Oh well, I was hoping. I have found several different structures for different purposes around the net. The next time I bump into something I'll bring it back here.

I'm looking forward to making some with smooth rods but materials are so confusing here. i.e. I go to a metals shop and they have 12mm threaded but only 1/2" unthreaded. Go figure.

Thanks Harrysin for the input. I'll do more experimenting soon.

Allthunbs


----------



## curiousgeorge (Nov 6, 2006)

> I'm looking forward to making some with smooth rods but materials are so confusing here. i.e. I go to a metals shop and they have 12mm threaded but only 1/2" unthreaded. Go figure.


Here is a site for all your metals needs. No matter what you need and these guys ship it right now, not when they get around to it, like a lot of other places now-a-days. So if you need solid steel rod... this is the place. The prices aren't bad either......

http://www.speedymetals.com/default.aspx


----------



## harrysin (Jan 15, 2007)

AT, an alternative to 12mm rods would be to open up your routers holes to 1/2", I'm sure that Bj and myself wouldn't hesitate to do this.


----------



## bobj3 (Jan 17, 2006)

HI allthunbs

Nice job with photo shoot and the skis.

But I will say you using a D9 Cat.(router) when a Ford backhoe will do the job just fine,,  ,,,that's to say a 2HP router has all the power you will need.

In that way you don't need the big rods because you don't need to support the D9 Cat. 8lbs vs 15lbs.

Plus I will say that the rods are to short ,,you will in time find that out, most of the time the router is right on the top of the project so you don't need the rods to support the router just keep it from dropping off the edge of the project , I know Harry like the clean rods but the thread rod works just fine and on many jobs it works better, you can lock the skis in place with the nuts and it will act just like a fence on the router table.

If you thnk about it that's all the ski jig is , just a router table upside down.
I also don't hold on to the skis I hold on to the router, talking about the router your router has big handles and they are going to get in the way,your handles come off easy with one screw, I would replace them with some small ones made out of some hardwood..plus you should have a hole/slot in the skis so you plunge the router down..
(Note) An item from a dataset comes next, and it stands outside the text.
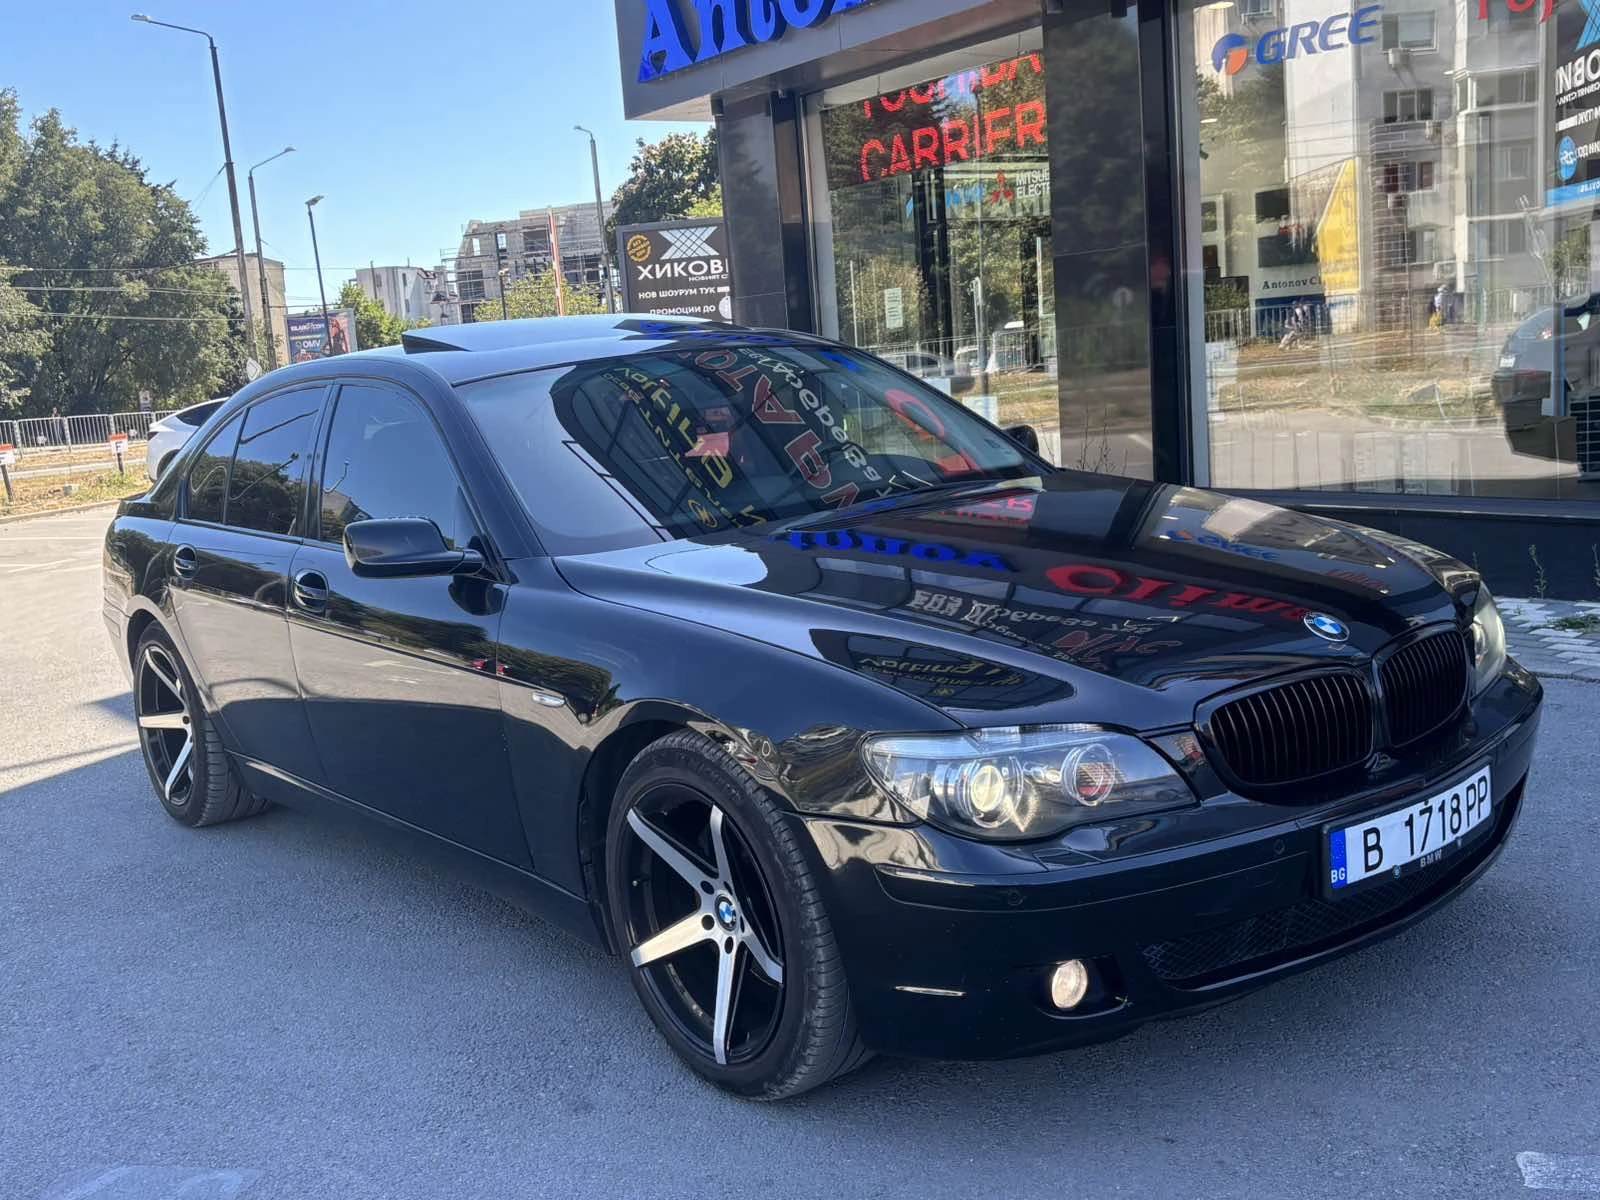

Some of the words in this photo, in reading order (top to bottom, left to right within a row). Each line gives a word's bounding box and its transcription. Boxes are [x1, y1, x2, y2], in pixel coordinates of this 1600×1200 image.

I made the same error on the 1st.set I made, see my Gallery for the snapshots of the ones I have made..  5 total to date 

If you look real hard at Harry's , his are very short to over come that error.
But like you I made mine tall so I could get over tall stock/blocks and the hold down cam board.

Just as side note*** you can find all the hardware you need at http://www.mcmaster.com/ and with a tap & die set you can make your own rounds rods with threads on the ends only 



==



allthunbs said:


> not enough room on the previous message for the last little bit.
> 
> Things I don't like:
> 
> ...


----------



## allthunbs (Jun 22, 2008)

Hi Bob: Thanks for the comments.

"Nice job with photo shoot and the skis."

Thank you. I hope it will help others get a feel for skis.

"But I will say you using a D9 Cat.(router) when a Ford backhoe will do the job just fine,,  ,,,that's to say a 2HP router has all the power you will need."

I started with a Sears Craftsman something 1/4" router and the Rosendahl's were constantly using 1/2" bits. The Craftsman died and I couldn't get parts so I was able to sell the boss on getting a *"real"* router. So, now I can handle any size bit you can throw at me (3" bits are quite common in my shop). Then I ran across my little Makita 3601B "D" handle for small jobs ($12.50), the Makita 3700B trimmer for "light" jobs (free) and then someone dropped another M12V in my lap for $30-. The second M12V came with a bunch of bits, baseplates and guides. Sorry, I just couidn't turn it down. So now I have a D9, a JCB, a Kubota and I just couldn't resist, another D9 ;-) I needed a special garage for all of this so I just had to build a two-holer router table with a dedicated cabinet for "accessories."

"In that way you don't need the big rods because you don't need to support the D9 Cat. 8lbs vs 15lbs."

Ahhh, but my M12Vs work very nicely. Besides, something small and I'd get careless. Make it big, mean and dangerous and it'll always have my undivided attention!

"Plus I will say that the rods are to short ,,you will in time find that out, most of the time the router is right on the top of the project so you don't need the rods to support the router just keep it from dropping off the edge of the project , I know Harry like the clean rods but the thread rod works just fine and on many jobs it works better, you can lock the skis in place with the nuts and it will act just like a fence on the router table."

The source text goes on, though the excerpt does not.